I think that Sheila's view (along with Eric's view) changes as a result of the Inspector's visit and what they learn from that about the values of socialism.

It all starts off very self-satisfied and smug for the Birlings. They are delighted with themselves, with their expensive port (the Governor prides himself on being a judge of port, we find out), cigars, a dinner cooked by servants, and the satisfaction of knowing that Sheila and Gerald are engaged and to be married. Life looks brilliant, and Birling even launches into a monologue about the prospects for the future. His mantra, which he is iterating just as the Inspector comes in, is that "'a man has to mind his own business and look after himself and his own". Every man for himself.

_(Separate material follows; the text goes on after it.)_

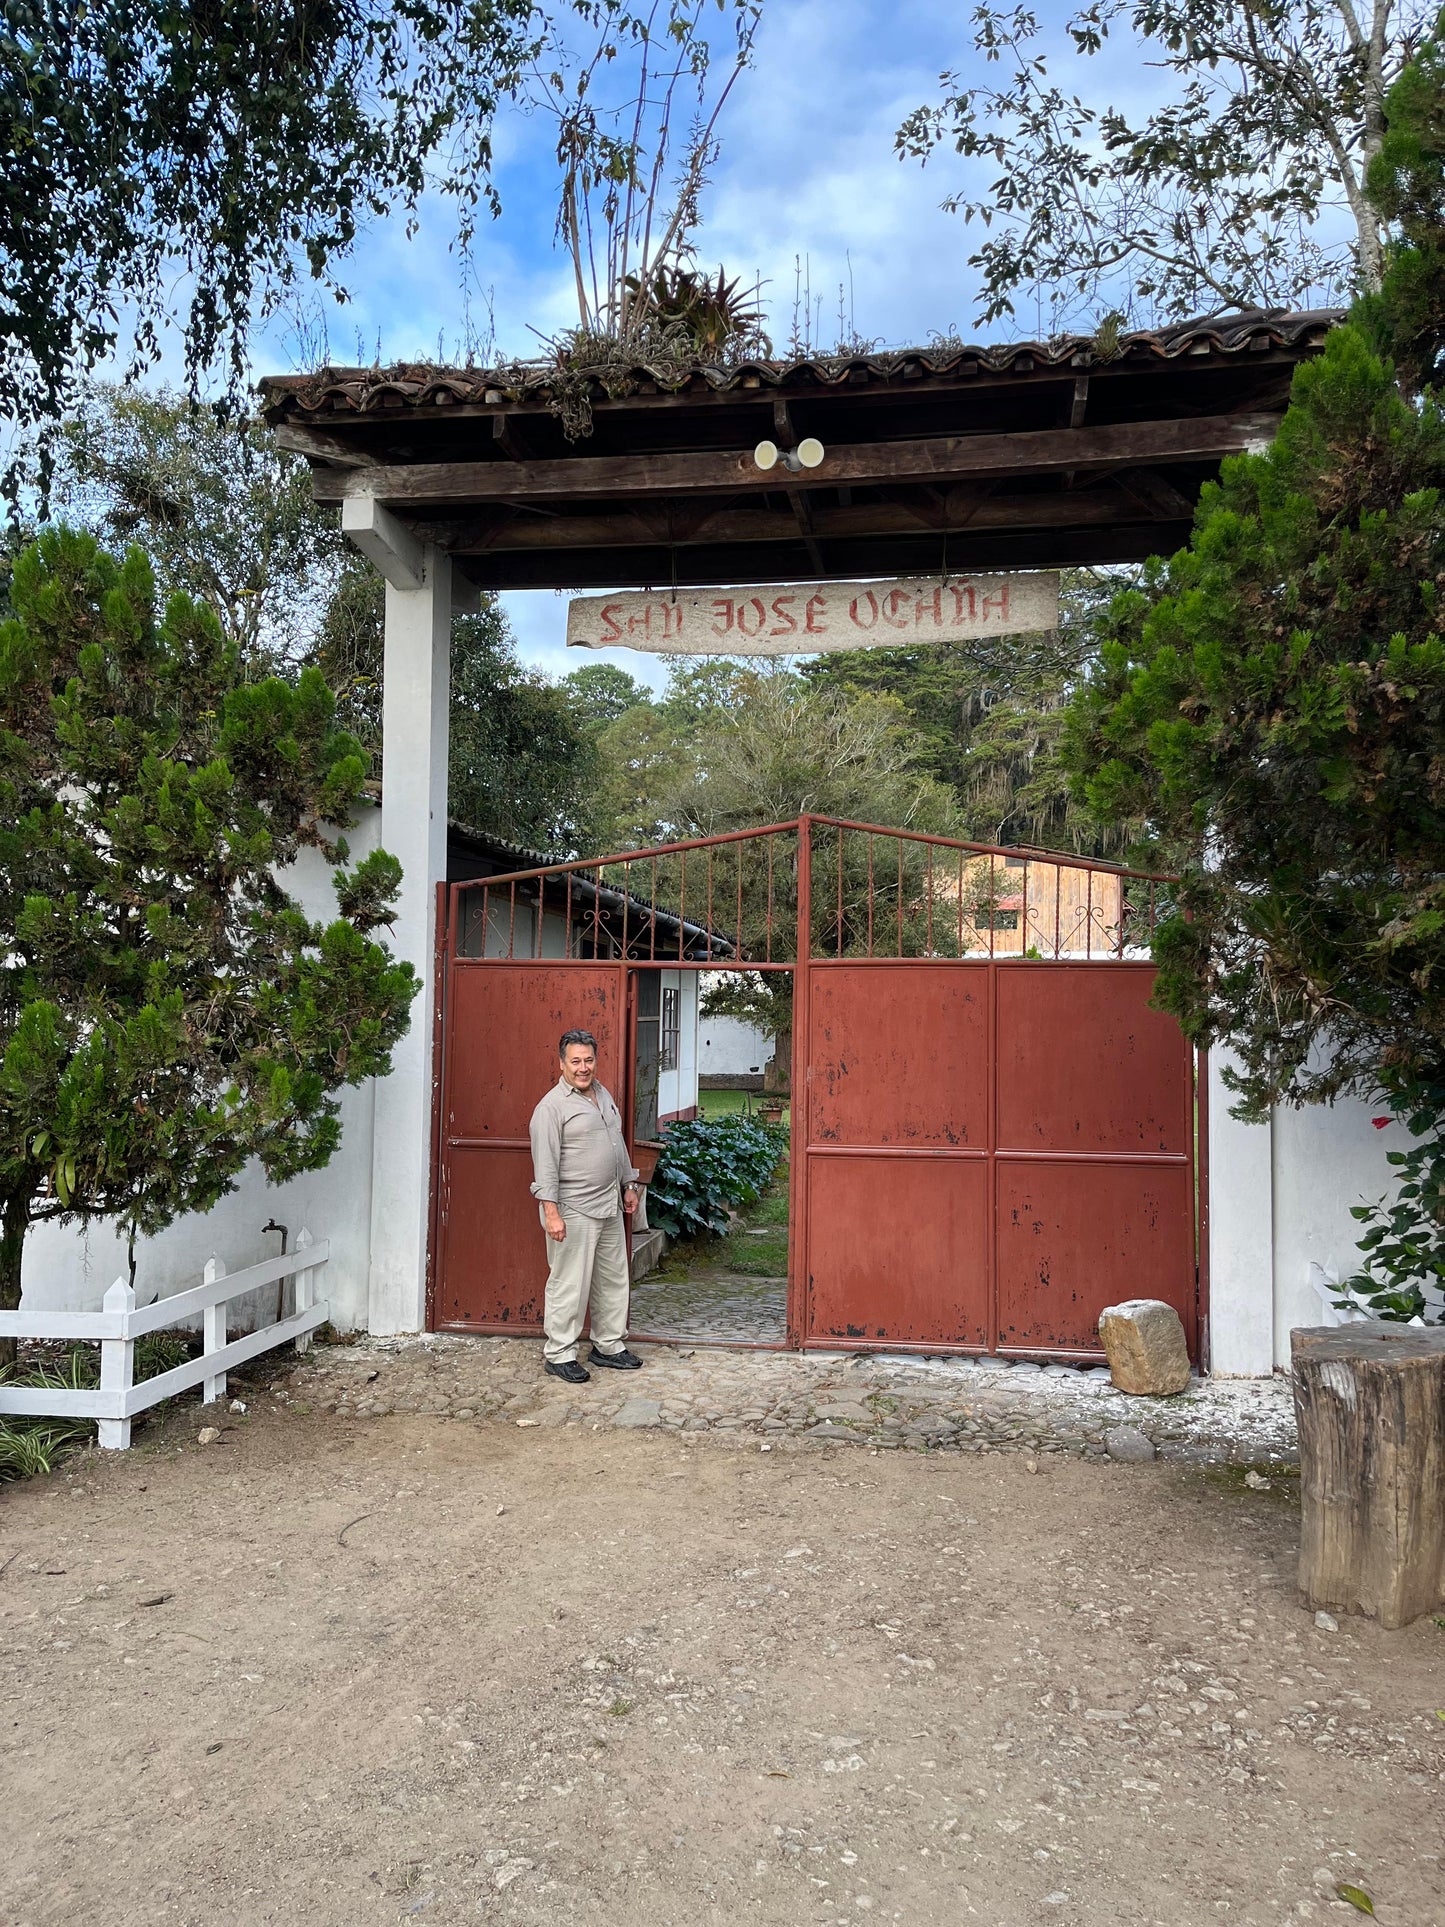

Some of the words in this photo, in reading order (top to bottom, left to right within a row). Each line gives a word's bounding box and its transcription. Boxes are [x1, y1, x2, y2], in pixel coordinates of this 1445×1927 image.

[600, 601, 684, 642] SAN
[711, 585, 828, 637] JOSÉ
[849, 578, 1010, 631] OCAÑA

After Sheila has found out what she has done to Eva Smith, and how her temper altered the course of Eva's life - and contributed to her suicide - she is immediately penitent and starts to rethink her attitude. 'But these girls aren't cheap labour', she tells the Inspector of her father's shop girls  '- they're people'. She, and Eric with her, learns the central moral of the play: as the Inspector puts it, that 'We are members of one body. We are responsible for each other'.

Birling and Mrs Birling do not change at all throughout the play in terms of their attitude. Sheila and Eric do. 'The point is you don't seem to have learnt anything', Sheila tells her father. But she herself - by that point - has.